◆ **TASK TO COMPLETE**
Please give back each entry below unaltered, leaving the pictures out.

Dataset entries:
::::::::

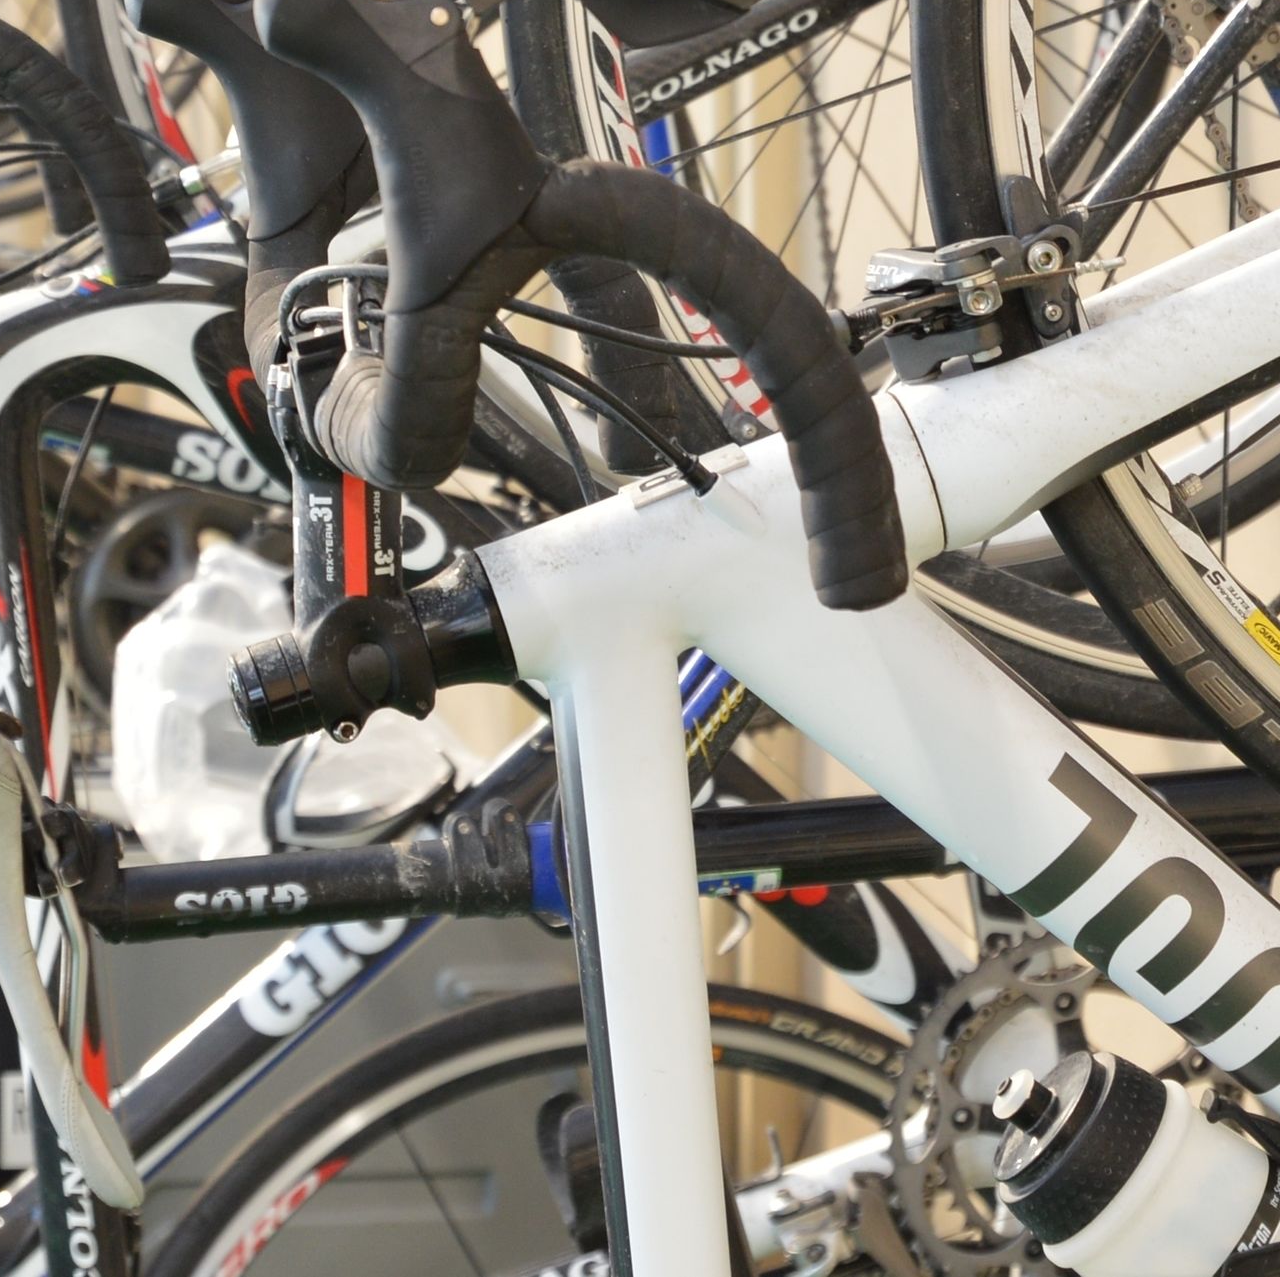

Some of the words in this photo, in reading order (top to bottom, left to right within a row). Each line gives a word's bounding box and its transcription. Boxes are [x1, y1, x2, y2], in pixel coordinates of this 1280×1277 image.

[632, 7, 819, 115] COLNAGO
[308, 492, 334, 523] 3T
[373, 548, 396, 577] 3T
[238, 918, 408, 1037] GIO

::::::::

◆ **RESPONSE FOR THIS EXERCISE**
Some of the words in this photo, in reading order (top to bottom, left to right within a row). Each line gives a word's bounding box and its transcription. Boxes are [x1, y1, x2, y2], in pixel coordinates of this 1280×1277 image.

[632, 7, 819, 115] COLNAGO
[308, 492, 334, 523] 3T
[373, 548, 396, 577] 3T
[238, 918, 408, 1037] GIO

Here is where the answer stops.